Don't blame yourself for your wife's betrayal. Instead, enumerate the things you enjoyed during your 19 years of marriage. 
Consider whether you noticed your wife pulling away from you. While you can't do anything about that now, you could sharpen your awareness of the signs before a future disconnect occurs. 
Be determined to rise above the betrayal. My e-Book "How to WIN When Your Mate Cheats" describes how a marriage can become stale unless two people actively and continuously nurture it. Focus on relationship nurturing in your next involvements.


----------



## Sensitive (Mar 29, 2009)

I completely understand. I have had many close friends overseas who are male. I had one that turned from friend to romantic interest. It is very easy to fall for someone online and feel like it is real and can't control the need to just log on. In my case, I slowly learned of the deceitfulness of some online men, and grew more distance from an relationaship online, no matter what site I meet him on. I don't deny that the need to feel connected is vital and important. It is easier than finding a real life friend. Since there is no mention of sex or romantic interest, then why not tell hubby all the details? I have done this with my husband, and find that he is doing the same online. We both crave international connections, and are quite addicted to the vast opportunities online. Do I see this as cheating and ruining our marriage. YES! Can I stop? Do I want to? I can't stop and don't want to, as Hubby doesn't want to either. It also doesn't sound like you are cheating or resenting your husband. You are even insistent that you are doing well at home with kids while Hubby is away. I don't see any reason to stop the online friendship, unless Hubby suggests it.


----------



## Hispetal (Apr 18, 2009)

aeiousimplicity said:


> ... It is truly devastating, & it is much worse knowing that your partner connects with someone on such a deep level than just sex.
> You should really discuss this with your husband.

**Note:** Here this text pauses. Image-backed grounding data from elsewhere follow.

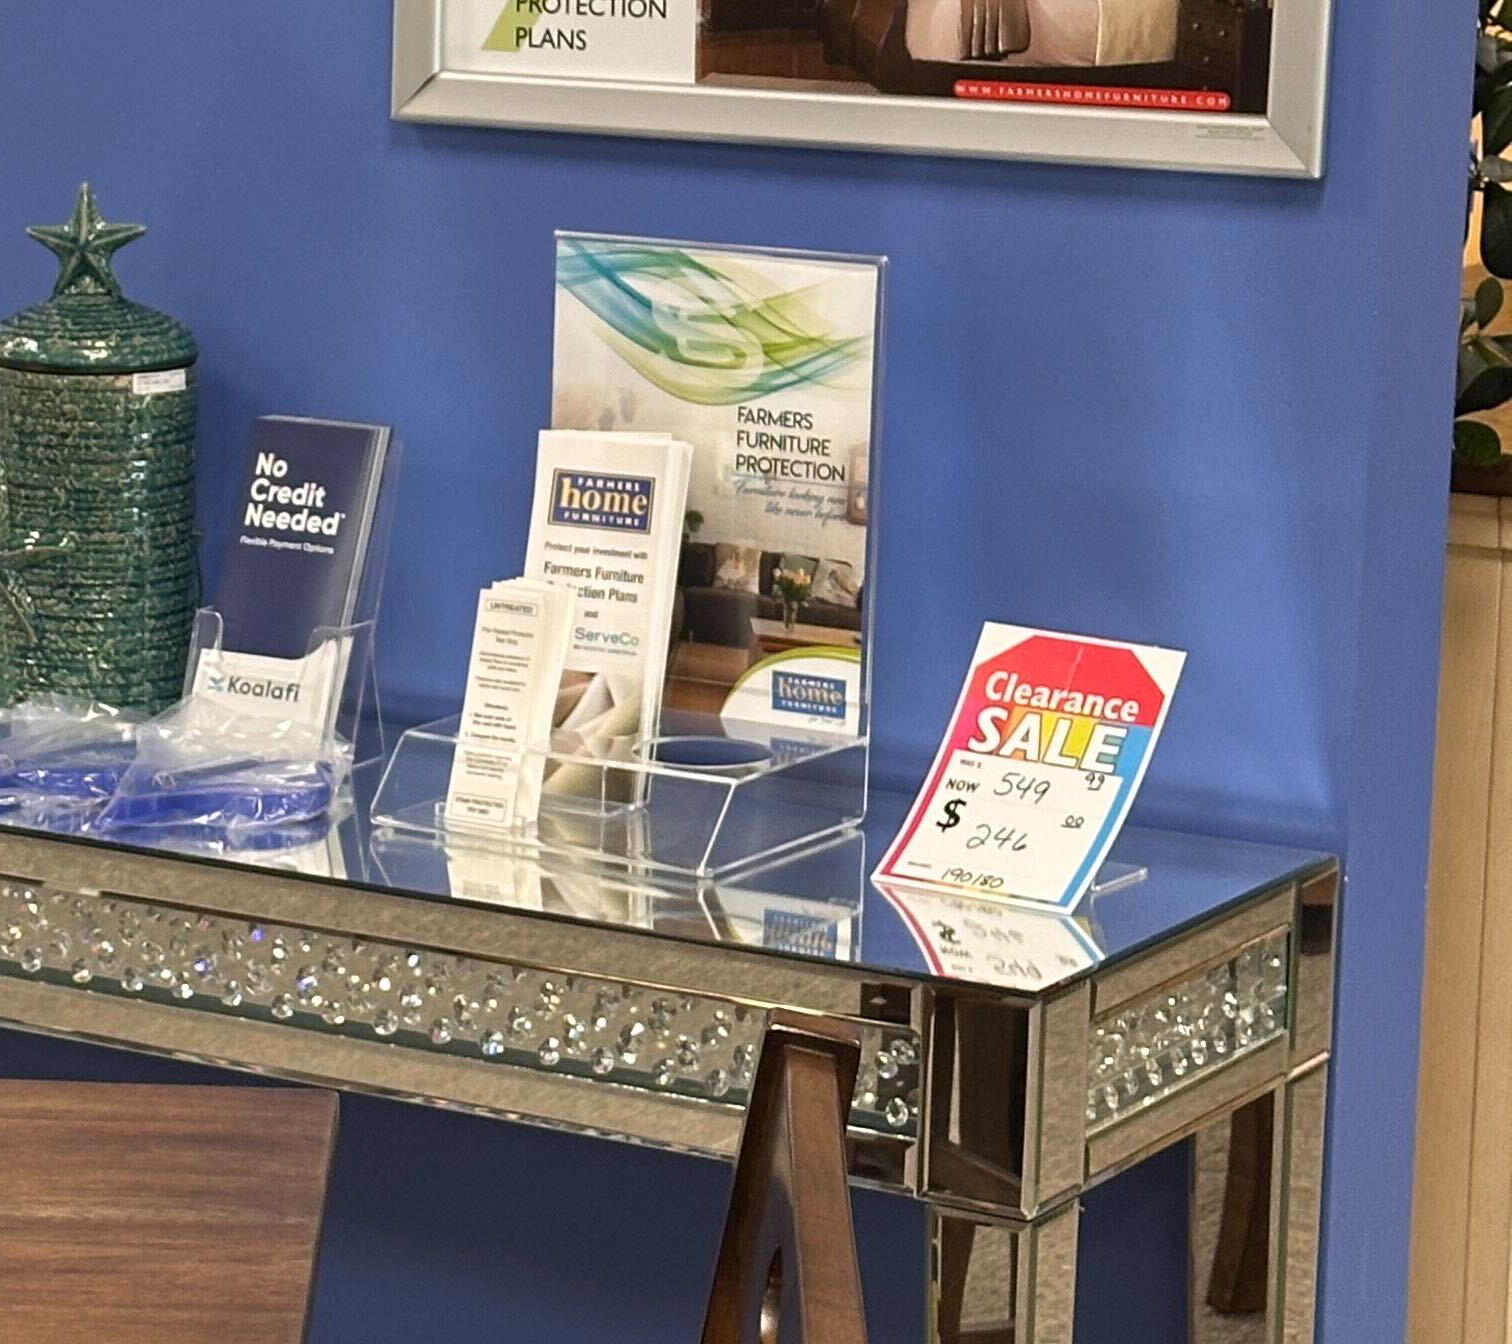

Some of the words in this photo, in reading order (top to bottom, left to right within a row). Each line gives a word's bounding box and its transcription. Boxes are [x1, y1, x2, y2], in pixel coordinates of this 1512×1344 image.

[514, 27, 587, 50] PLANS
[737, 406, 814, 430] FARMERS
[736, 430, 832, 457] FURNITURE
[255, 451, 288, 478] No
[735, 454, 846, 482] PROTECTION
[250, 477, 326, 508] Credit
[559, 475, 648, 516] home
[578, 477, 640, 493] FARMERS
[544, 560, 592, 579] Farmers
[595, 566, 645, 584] Furniture
[608, 587, 639, 604] Plans
[573, 625, 640, 647] ServeCo
[227, 674, 301, 703] Koalafi
[777, 675, 843, 706] home
[984, 670, 1140, 723] Clearance
[967, 705, 1129, 774] SALE
[945, 777, 981, 794] NOW
[993, 771, 1051, 805] 549
[936, 797, 967, 832] $
[966, 823, 1028, 853] 246
[940, 867, 1005, 890] 190180

Thank you for your thoughts here. You do present a valid point and it's appreciated. However, it immediately entered my mind that - to me - it is much worse knowing that you can't connect with your *partner* (hubby) on a deep level. That... is what is missing in my life, and it is devestating to *me*. I don't believe people have only one person that they can connect with on a particular level... I could probably go to my church priest and ask for an ear and receive some validation. Even after talking to my hubby about not being able to get that emotional intimacy and caring from him, it still doesn't click with him.

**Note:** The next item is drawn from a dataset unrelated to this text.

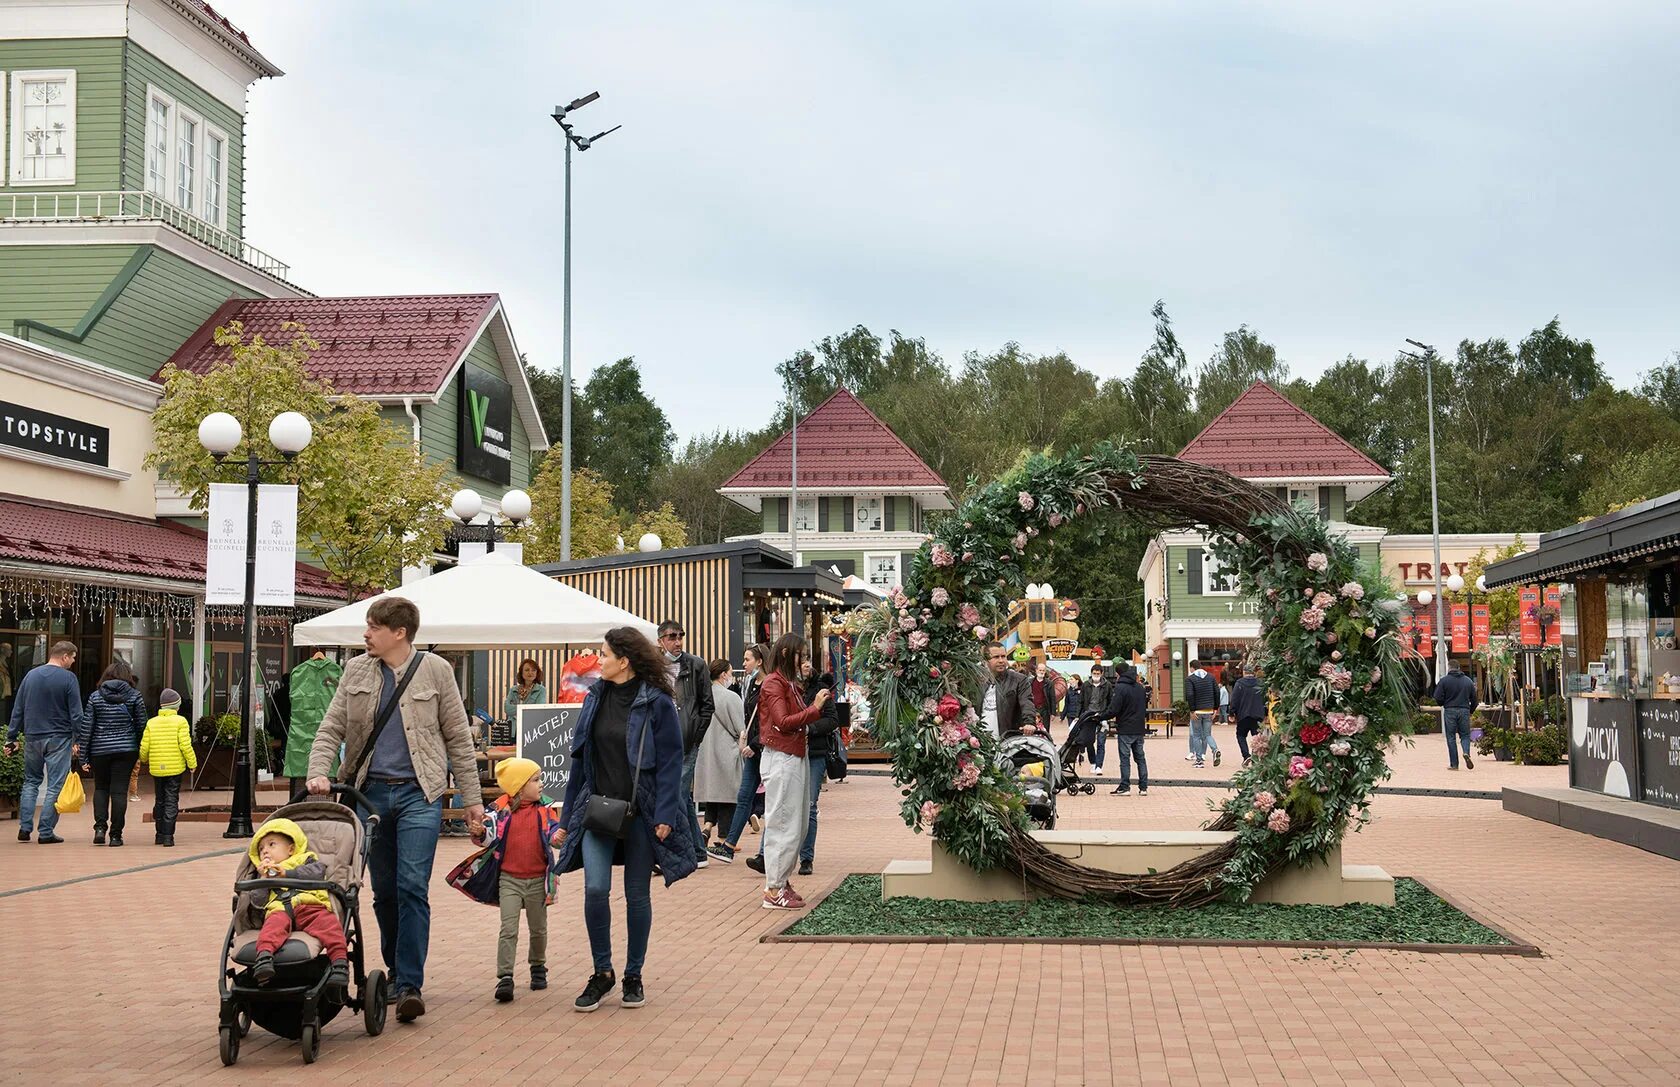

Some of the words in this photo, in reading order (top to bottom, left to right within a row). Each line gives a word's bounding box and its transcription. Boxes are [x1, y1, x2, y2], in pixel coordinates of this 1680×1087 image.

[5, 416, 97, 453] TOPSTYLE
[524, 711, 569, 747] МАСТЕР
[1586, 721, 1620, 761] РИСУЙ
[544, 754, 564, 767] ПО

I'm going to consider counseling ONLY if he will cooperate. For now, I am comfortable with visiting with this other man and enjoying his company. I'm internet savvy and acknowledge the risks & understand the warning signs of predators and game playing, and this is not an issue for me.


----------



## Initfortheduration (Dec 12, 2008)

Yes it's cheating. Before you give to much credit to this guy over seas. You need to remember a few things. Has the man you find such a connection with, invested anything more in you then several hours at a keyboard. Has he paid any of your bills. When your sick, does he take care of the kids. Does he leave his family to travel for business (which sucks). You have let this other man into your heart, because "he fills little holes in your life". So since you have a confidant and some one that "fills the holes". Does your husband get to fill his holes with a woman. Someone that understands what he is going through. Someone that knows he has a wife at home that doesn't value him and the sacrifices he makes for her and his family. 

You have found a man to fill emotional and communication needs that truly are the most important thing that a woman needs in a relationship. I am sure that you will not mind your husband filling his most important need in a relationship. Something that he gauges his marriage by. Something that unifies and bonds him to the other person. You wouldn't begrudge him a relationship that fills that hole, right?

THAT HOLE IS SEX. THAT IS HOW A MAN GAUGES HIS RELATIONSHIP WITH HIS WIFE. THAT IS WHY A MAN WANTS SEX AFTER A FIGHT WITH HIS WIFE. IT GIVES HIM THE REASSURANCE THAT HIS MARRIAGE IS GOOD AND STABLE. WOMEN THINK THAT THAT'S JUST A MAN BEING A JERK OR SHALLOW. NO, ITS HOW HE EMOTIONALLY CONNECTS WITH HIS WIFE.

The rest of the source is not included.